Когда-то мы старались узнать, через кого сведения просочились наружу, кто их разносит, лишь из чисто спортивного интереса. Теперь интерес наш был далеко не столь отвлеченным. На сей раз новости были хорошие.

Я снова повез своего журналиста в «Эль вино». Он был настроен так благодушно, с такой готовностью подбадривал меня, что я охотно его поил. Да, Роджер покорил их. «Это такой парень — его живьем не возьмешь!» — восклицал мой знакомец с профессиональным восхищением. Выпив еще стакан, он начал подсчитывать врагов Роджера. «Четыре-пять, — говорил он, — во всяком случае, их можно пересчитать по пальцам одной руки. Жидкие людишки! Психи!» Это словечко он повторял опять и опять — вероятно, считая, что этим все определено и поставлено на свои места, но я таким ощущением похвастать не мог.

Глава тридцать седьмая

ЧТО МОГУТ ДАТЬ ДЕНЬГИ

В следующее воскресенье во второй половине дня я ехал на такси по безлюдным уютным улицам Кембриджа, через Гаррет-Хостел-бридж, вдоль берега речушки, к дому брата. Он и Фрэнсис Гетлиф уже ждали меня. Приехал я отнюдь не затем, чтобы просто поболтать, но все же сначала мы немного посидели у камина в гостиной; бронзовые двери были раздвинуты, и через дальнее окно на фоне закатного неба четко вырисовывался могучий вяз.

— Необыкновенно мирный вид, надо сказать, — заметил я.

Неожиданная улыбка осветила суховатое лицо Мартина.

— Надо сказать, — передразнил он меня.

— Ты о чем?

— А помнишь, как тебя бесило, когда из Лондона в колледж наезжали всякие важные шишки и сообщали тебе, что место здесь на редкость спокойное?

Глаза его поблескивали дружески и насмешливо. Он рассказал мне несколько последних анекдотов о царствовании нового ректора. Кое-кто из членов Совета предпочитал общаться с ним в письменной форме, опасаясь нарваться на резкость при личном разговоре. Мартин мрачно улыбнулся.

— Живешь ты там и горя не знаешь, — сказал он.

Мне его очень не хватало в наших уайтхоллских баталиях. Он был решительнее Фрэнсиса, тверже и настойчивее, чем большинство из нас, и куда более искусный политик. Как ни странно, он оказался одним из тех немногих ученых, которые по моральным соображениям предпочли отстраниться от работы в Атомном центре, пожертвовав ради этого блестящей карьерой. Он избрал гораздо более скромный удел — административный пост в одном из колледжей, и все говорило за то, что он так здесь и застрянет. И все же сейчас, на пятом десятке, моложавый, с твердо очерченным лицом, которое теперь уж не изменится до самой старости, с внимательными глазами — он производил впечатление человека не только успокоившегося, но и довольного жизнью.
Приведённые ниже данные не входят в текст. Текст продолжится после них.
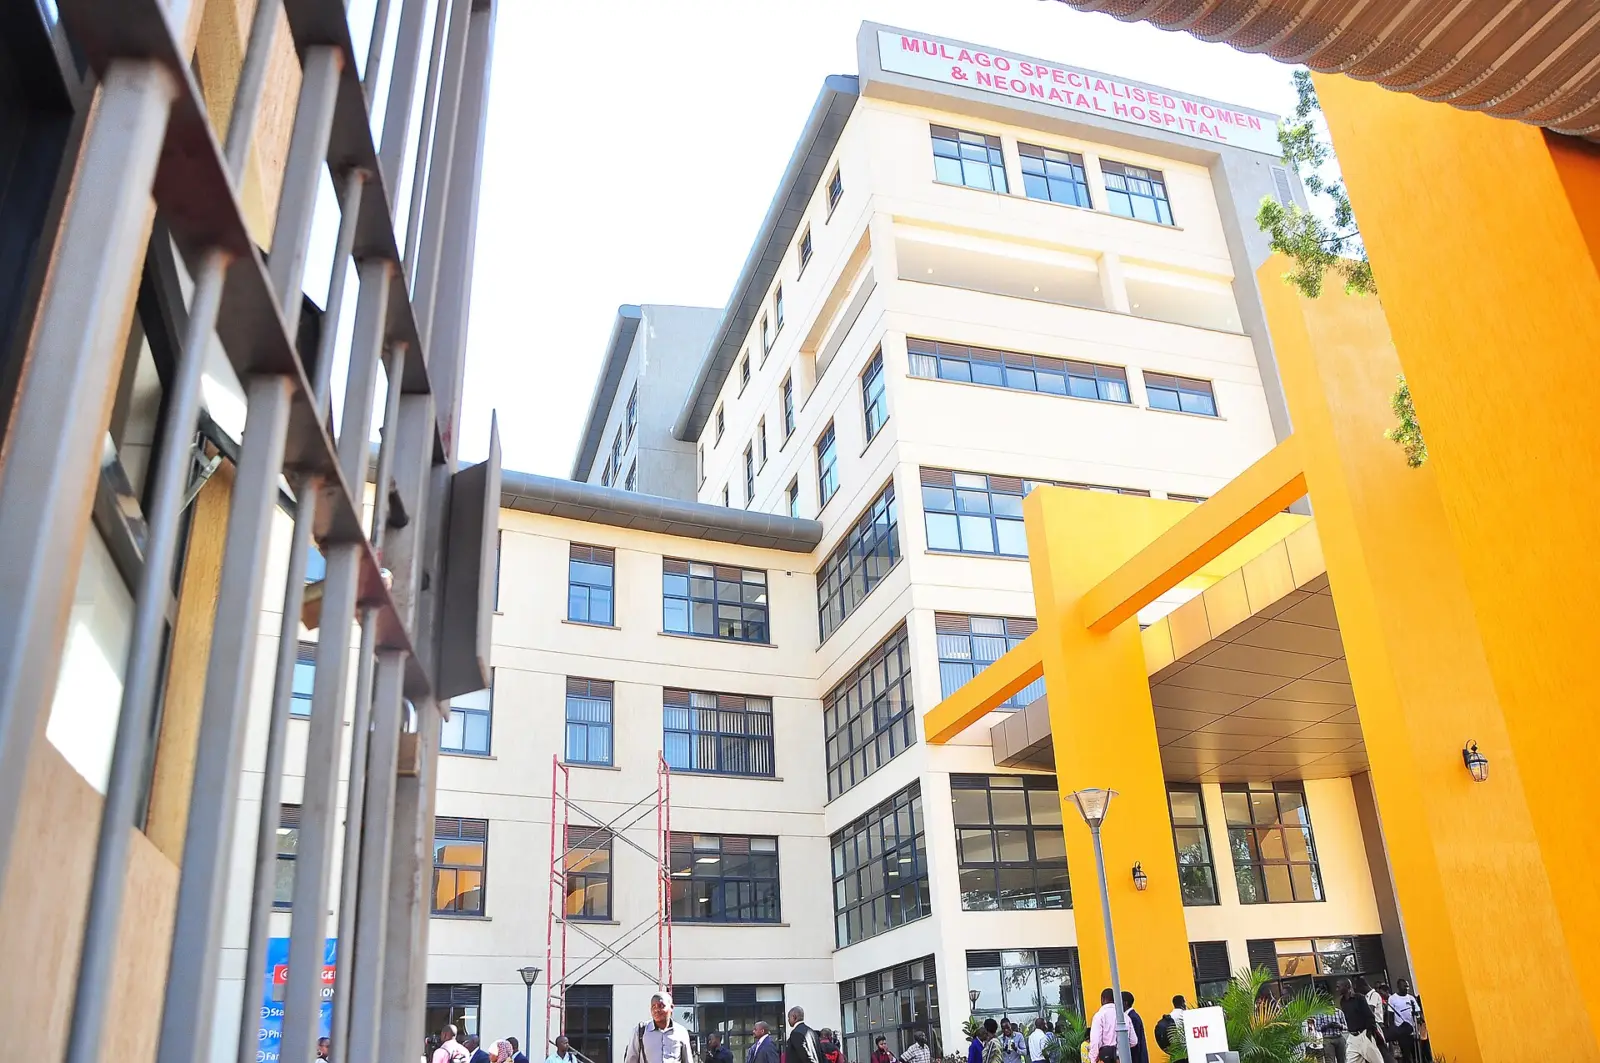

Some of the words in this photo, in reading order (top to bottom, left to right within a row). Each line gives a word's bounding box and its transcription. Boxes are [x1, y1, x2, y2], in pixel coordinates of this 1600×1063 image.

[901, 36, 1011, 71] MULAGO
[1019, 62, 1176, 109] SPECIALISED
[1181, 100, 1262, 130] WOMEN
[951, 66, 969, 80] &
[976, 71, 1106, 112] NEONATAL
[1113, 101, 1228, 140] HOSPITAL
[1192, 1026, 1209, 1039] EXIT
Его жена Айрин подала чай. В молодости она была довольно сумасбродна и давала ему немало поводов для ревности. Но время сыграло с ней злую шутку. Теперь это была не женщина, а туша. С тех пор как я впервые увидел ее, незадолго до войны, она прибавила в весе, должно быть, фунтов пятьдесят, а то и все шестьдесят. Но ее заливчатый смех звучал по-прежнему молодо и кокетливо. Она всегда была отлично настроена; из столкновения характеров в этом браке победителем вышел Мартин. Теперь для нее никого больше не существовало, и она тоже была вполне довольна жизнью.

— Опять плетешь интриги? — обратилась она ко мне. Она обращалась со мной почти так же, как с Мартином, будто давая понять, что и меня она видит насквозь и знает, что не такие мы с ним оба степенные, как прикидываемся.

— Пока нет, — ответил я.

За чаем, чтобы оттянуть минуту, когда придется перейти к делу, я спросил Фрэнсиса, пишет ли ему Пенелопа.
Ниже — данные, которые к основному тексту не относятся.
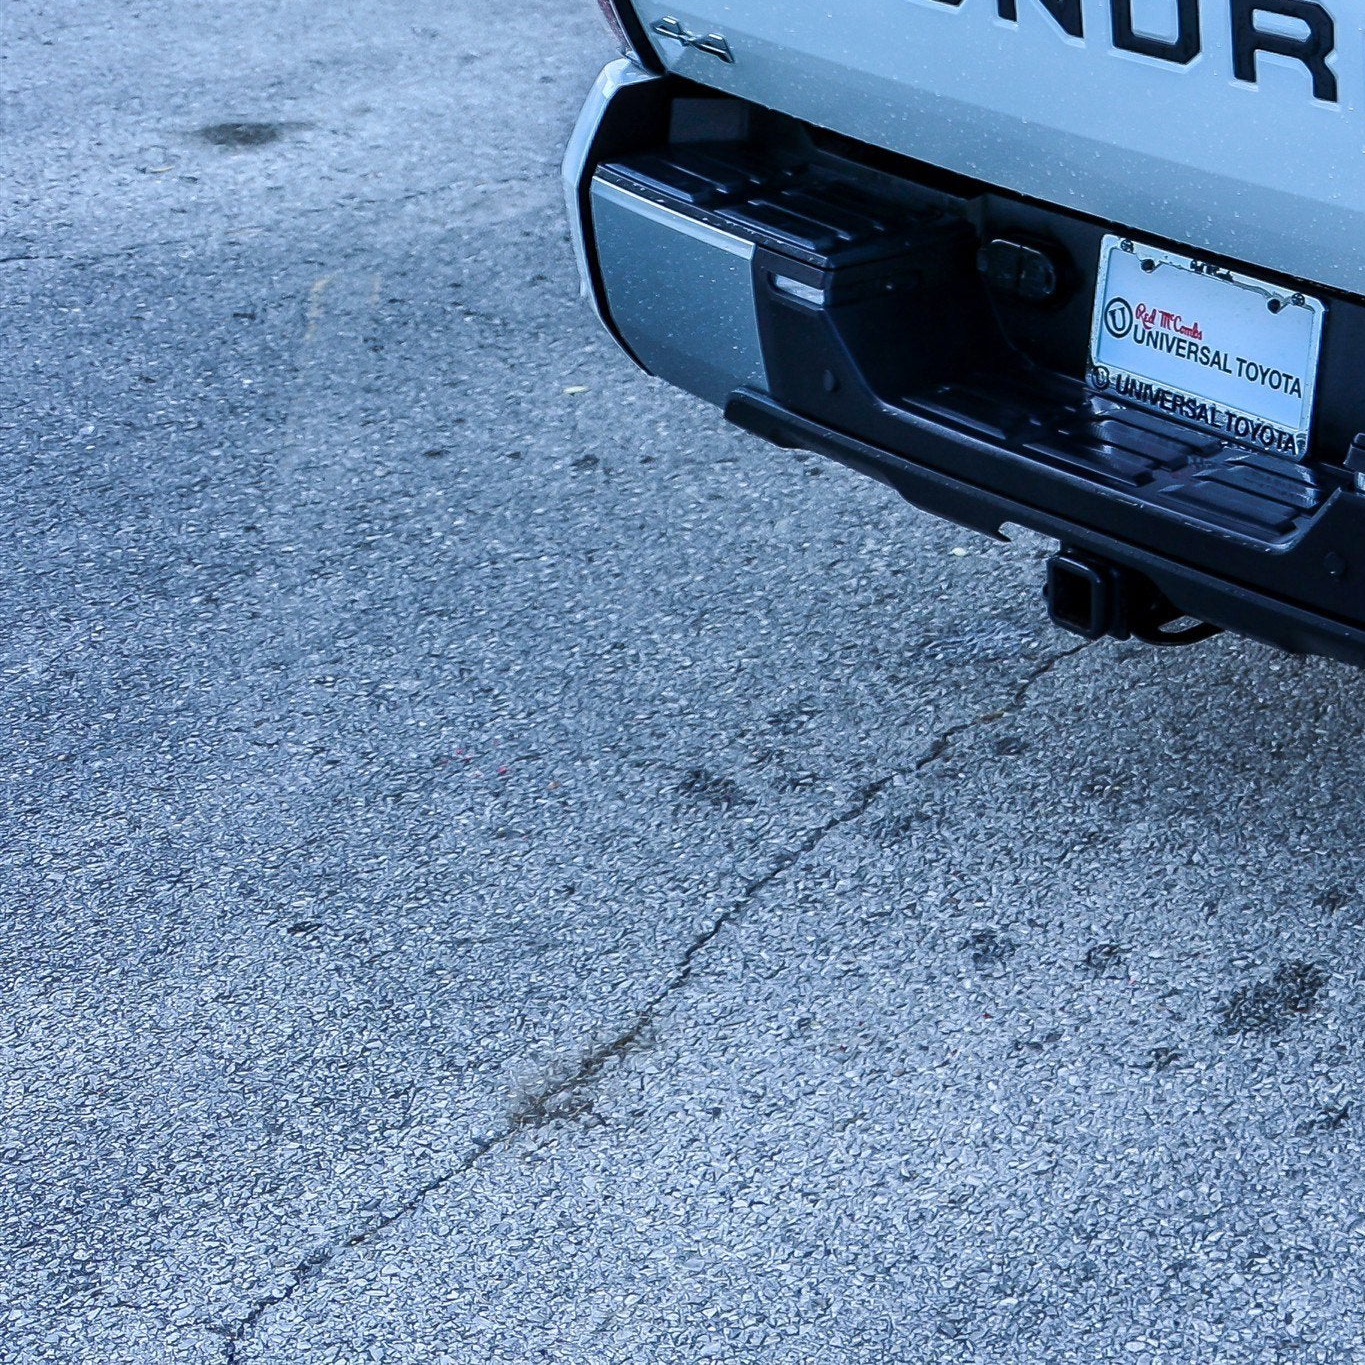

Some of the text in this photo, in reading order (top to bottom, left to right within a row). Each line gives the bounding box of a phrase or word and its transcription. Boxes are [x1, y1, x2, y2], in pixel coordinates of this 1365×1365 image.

— Да вот как раз получил от нее письмо дня два назад, — ответил он.

— Чем она там занимается?

Лицо у него стало озадаченное.

— Я и сам хотел бы это знать.

— Но что она пишет? — вмешалась Айрин.

— Затрудняюсь сказать.

Он обвел нас взглядом и, чуть поколебавшись, продолжал:

— Скажите, как бы вы это поняли?

Он достал из кармана конверт, надел очки и стал читать. Я невольно подумал, что читает он так, будто письмо написано, скажем, по-этрусски — на языке, большинство слов которого до сих пор еще не расшифровано.

«Дорогой папочка!

Ты только, пожалуйста, не трепыхайся. У меня все преотлично, настроение преотличное. Работаю как вол, и у нас с Артом все в порядке, никаких особых планов, но, может, летом он приедет со мной в Англию — он еще сам не знает. Нечего тебе о нас беспокоиться — нам очень весело, ни о каких свадьбах никто и не думает, так что перестаньте меня выспрашивать. По-моему, вы с мамой просто помешались на сексе.